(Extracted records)
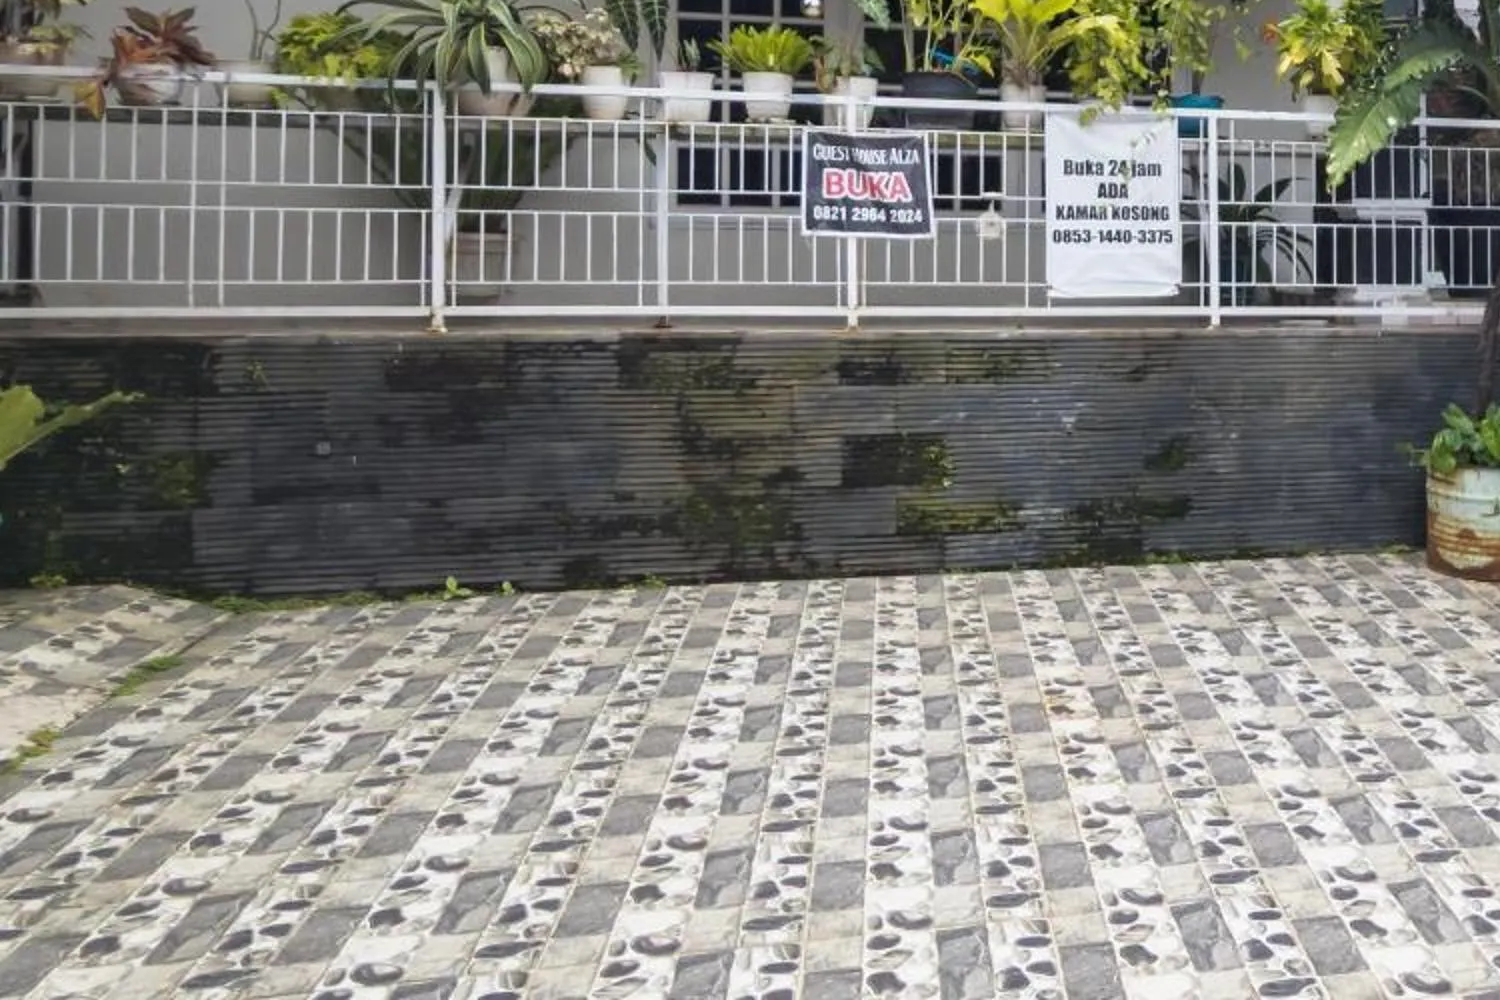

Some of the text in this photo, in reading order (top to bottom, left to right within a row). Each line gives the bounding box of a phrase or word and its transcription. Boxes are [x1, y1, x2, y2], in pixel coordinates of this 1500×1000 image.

[890, 148, 919, 164] ALZA
[1063, 159, 1105, 177] Buka
[1131, 159, 1162, 178] jam
[823, 168, 913, 203] BUKA
[1097, 183, 1129, 199] ADA
[813, 206, 847, 221] 0821
[889, 209, 923, 224] 2024
[1056, 204, 1170, 221] KAMAR KOSONG
[1053, 229, 1173, 244] 0853-1440-3375
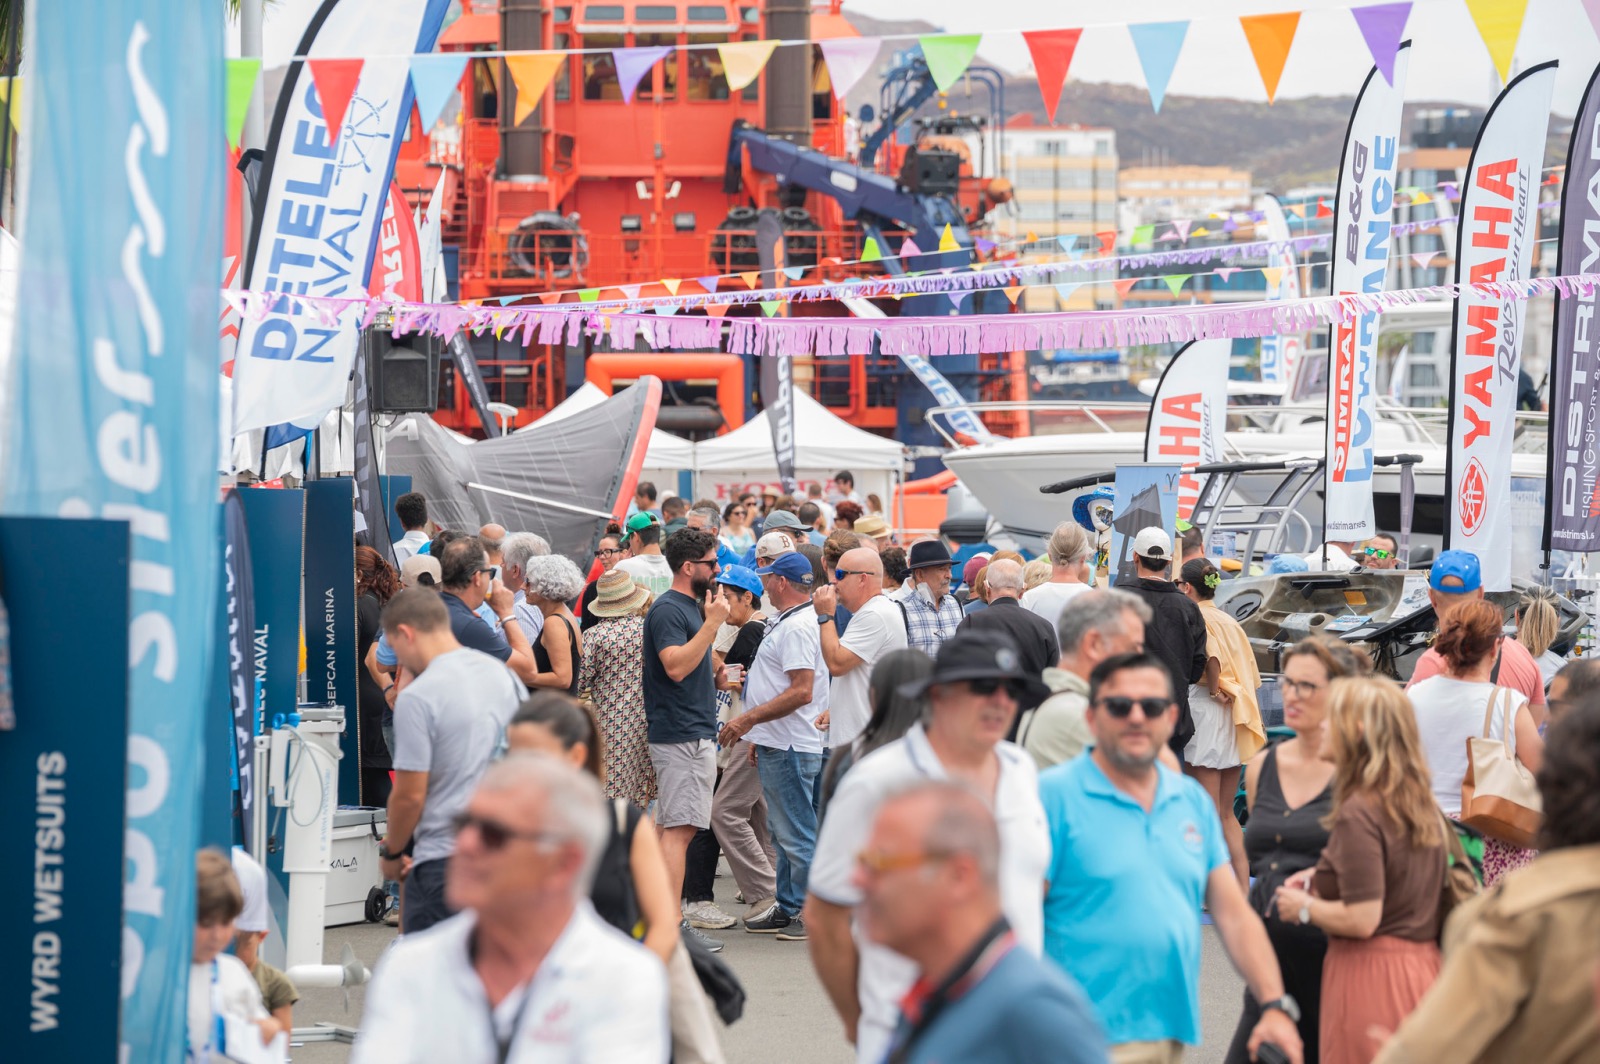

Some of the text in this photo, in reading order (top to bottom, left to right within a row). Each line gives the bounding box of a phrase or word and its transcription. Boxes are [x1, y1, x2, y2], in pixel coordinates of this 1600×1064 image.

[1346, 140, 1368, 266] B&G
[1513, 168, 1529, 240] Heart
[1464, 157, 1518, 449] YAMAHA
[324, 587, 335, 645] MARINA
[29, 751, 67, 1033] WYRD WETSUITS
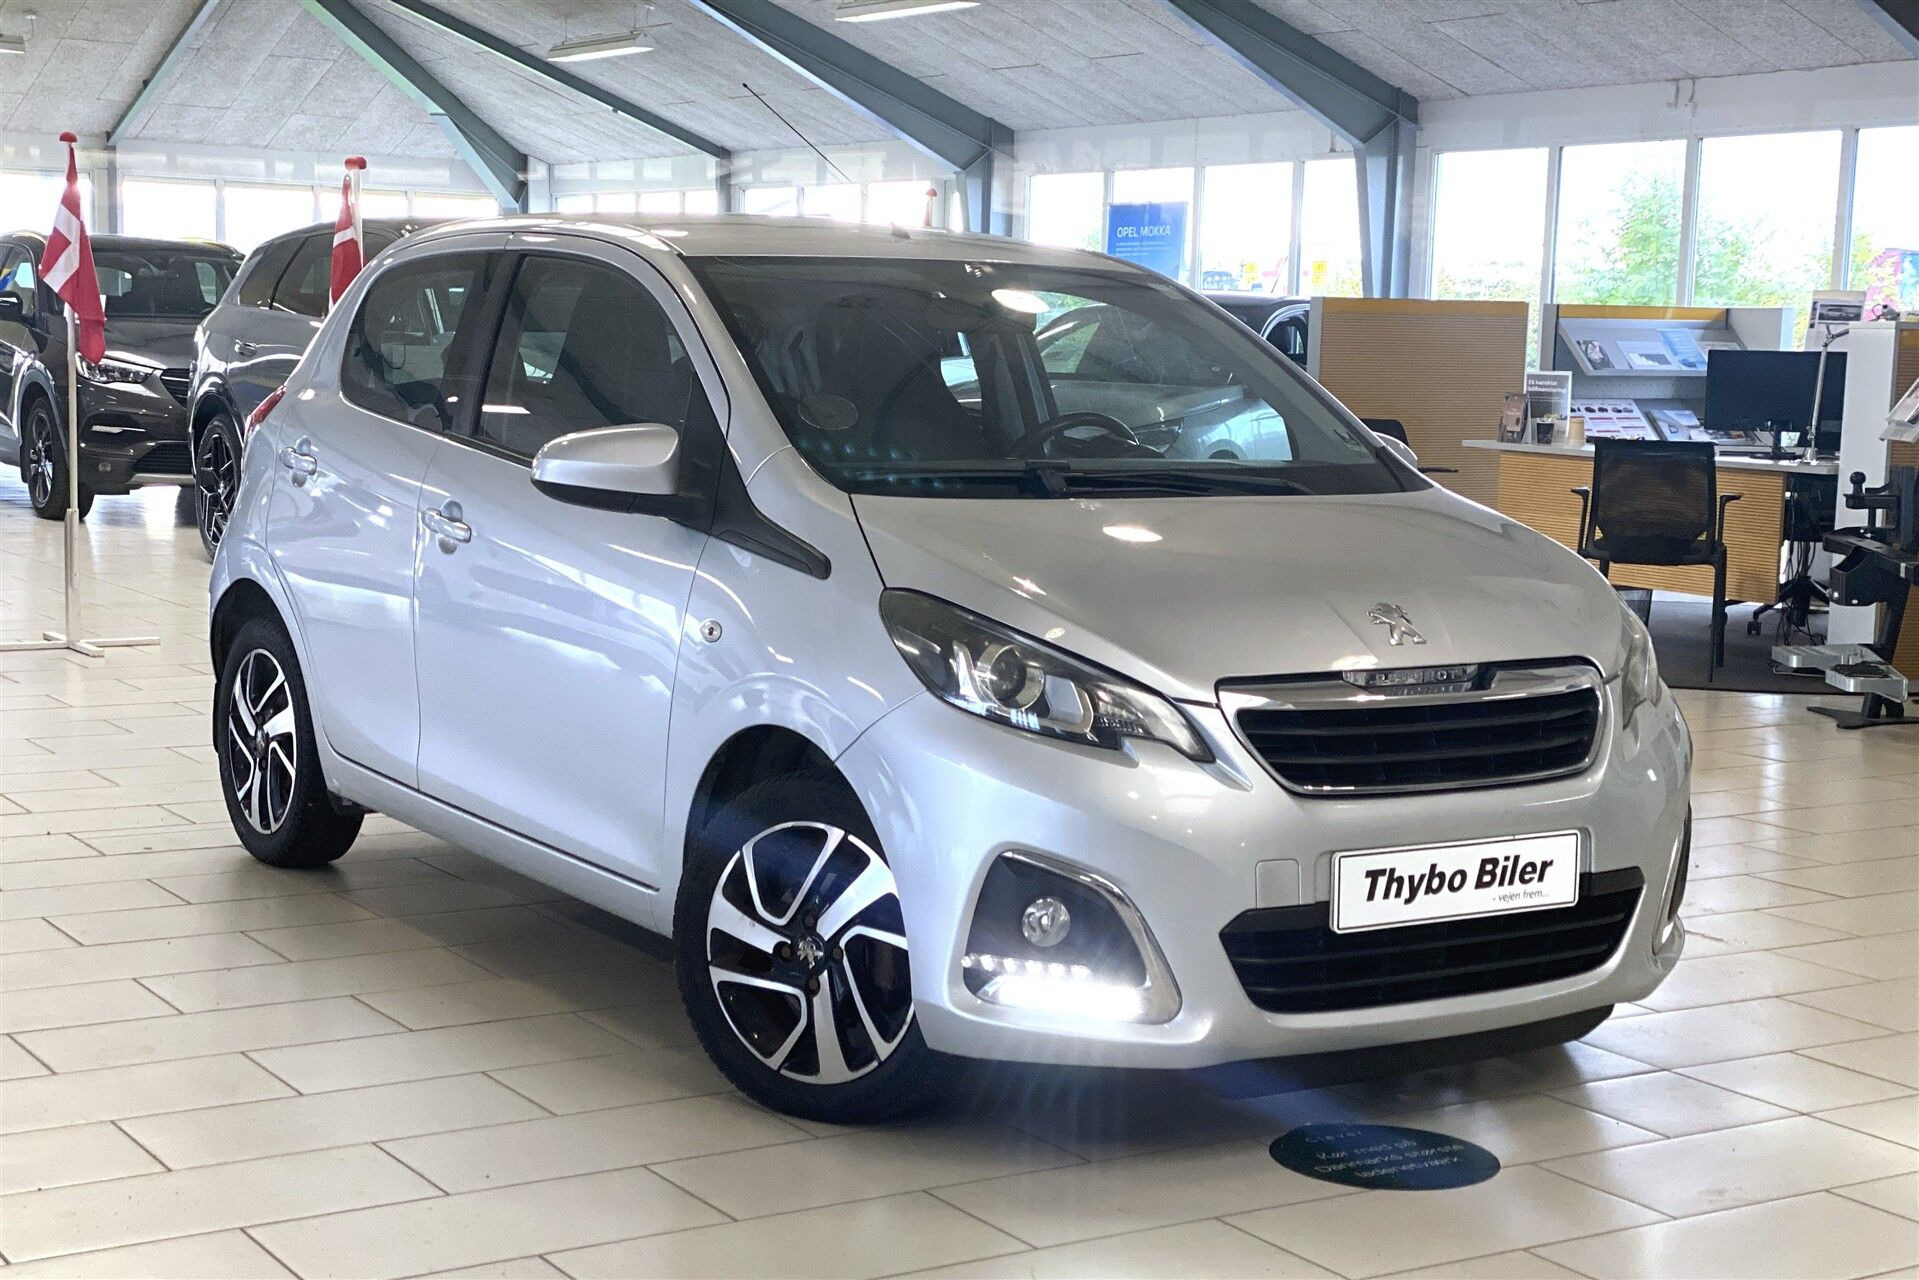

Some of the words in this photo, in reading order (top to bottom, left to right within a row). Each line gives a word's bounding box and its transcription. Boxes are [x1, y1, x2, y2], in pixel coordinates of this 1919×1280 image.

[1117, 226, 1138, 238] OPEL
[1140, 225, 1170, 237] MOKKA
[1364, 863, 1467, 905] Thybo
[1474, 854, 1554, 890] Biler
[1498, 891, 1520, 903] vejen
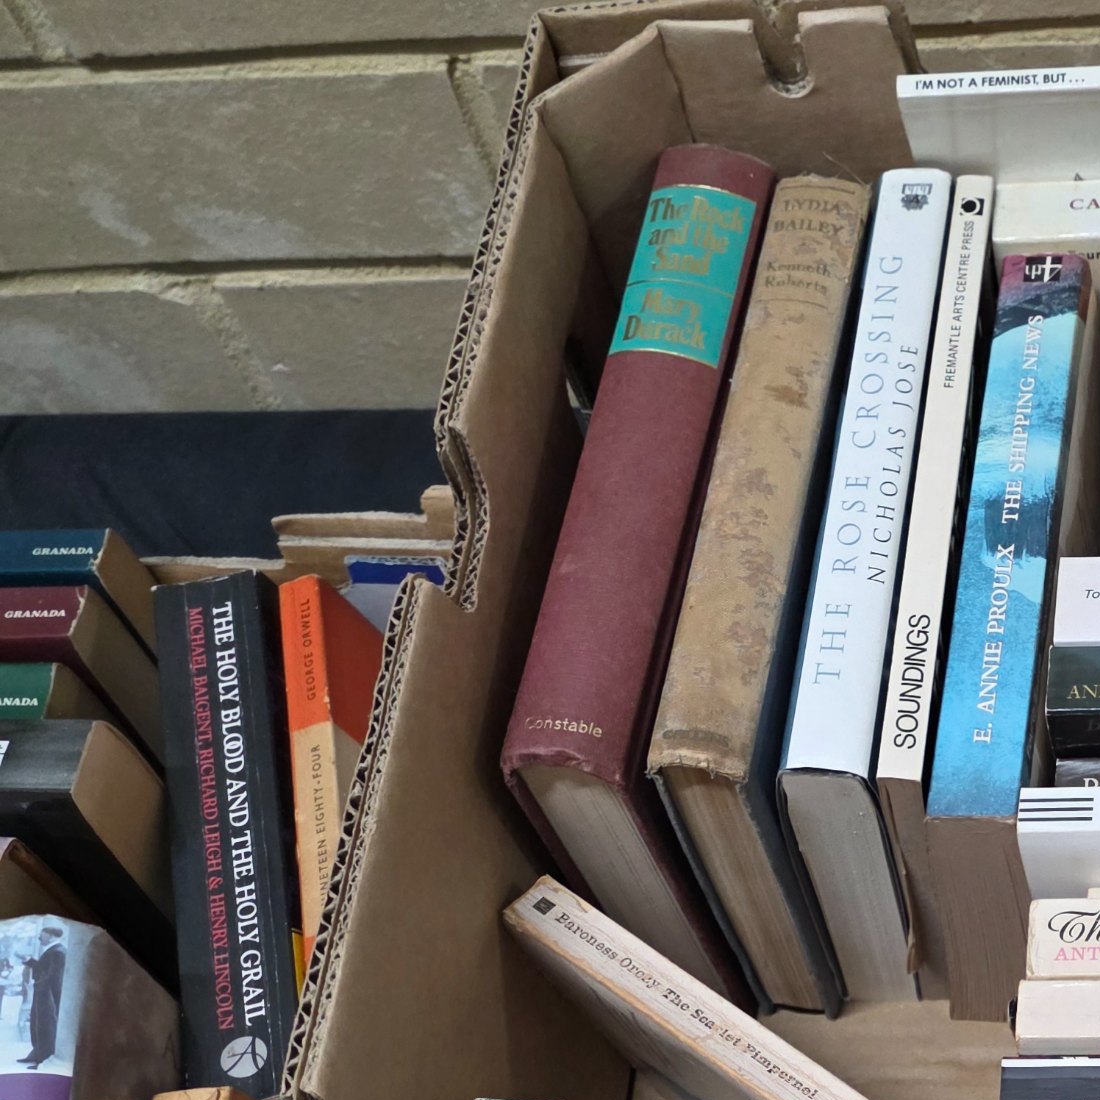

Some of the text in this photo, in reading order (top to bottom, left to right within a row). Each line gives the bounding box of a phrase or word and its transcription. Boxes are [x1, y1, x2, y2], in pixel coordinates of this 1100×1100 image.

[914, 80, 933, 90] I'M
[937, 78, 965, 89] NOT
[967, 78, 978, 88] A
[980, 75, 1040, 87] FEMINIST,
[943, 220, 975, 388] FREMANTLE ARTS CENTRE PRESS
[812, 256, 904, 685] THE ROSE CROSSING
[866, 345, 920, 585] NICHOLAS JOSE
[32, 547, 94, 556] GRANADA
[972, 314, 1045, 744] E. ANNIE PROULX THE SHIPPING NEWS
[4, 609, 66, 619] GRANADA
[188, 607, 207, 673] MICHAEL
[300, 598, 316, 700] GEORGE ORWELL
[893, 613, 931, 750] SOUNDINGS
[524, 717, 603, 738] Constable
[199, 748, 219, 821] RICHARD
[203, 823, 223, 878] LEIGH
[207, 877, 223, 890] &
[209, 893, 229, 949] HENRY
[213, 951, 235, 1031] LINCOLN
[555, 912, 620, 961] Baroness
[619, 957, 660, 990] Orczy
[661, 988, 690, 1012] The

» What needs to be done:
Every line from the one that contains "Some of the words" through the end of the records above is to be reproduced exactly; no picture goes in the copy.

» Solution:
Some of the words in this photo, in reading order (top to bottom, left to right within a row). Each line gives a word's bounding box and its transcription. Boxes are [x1, y1, x2, y2], in pixel coordinates of this 1919×1280 image.

[1117, 226, 1138, 238] OPEL
[1140, 225, 1170, 237] MOKKA
[1364, 863, 1467, 905] Thybo
[1474, 854, 1554, 890] Biler
[1498, 891, 1520, 903] vejen

Some of the text in this photo, in reading order (top to bottom, left to right within a row). Each line gives the bounding box of a phrase or word and its transcription. Boxes are [x1, y1, x2, y2], in pixel coordinates of this 1100×1100 image.

[914, 80, 933, 90] I'M
[937, 78, 965, 89] NOT
[967, 78, 978, 88] A
[980, 75, 1040, 87] FEMINIST,
[943, 220, 975, 388] FREMANTLE ARTS CENTRE PRESS
[812, 256, 904, 685] THE ROSE CROSSING
[866, 345, 920, 585] NICHOLAS JOSE
[32, 547, 94, 556] GRANADA
[972, 314, 1045, 744] E. ANNIE PROULX THE SHIPPING NEWS
[4, 609, 66, 619] GRANADA
[188, 607, 207, 673] MICHAEL
[300, 598, 316, 700] GEORGE ORWELL
[893, 613, 931, 750] SOUNDINGS
[524, 717, 603, 738] Constable
[199, 748, 219, 821] RICHARD
[203, 823, 223, 878] LEIGH
[207, 877, 223, 890] &
[209, 893, 229, 949] HENRY
[213, 951, 235, 1031] LINCOLN
[555, 912, 620, 961] Baroness
[619, 957, 660, 990] Orczy
[661, 988, 690, 1012] The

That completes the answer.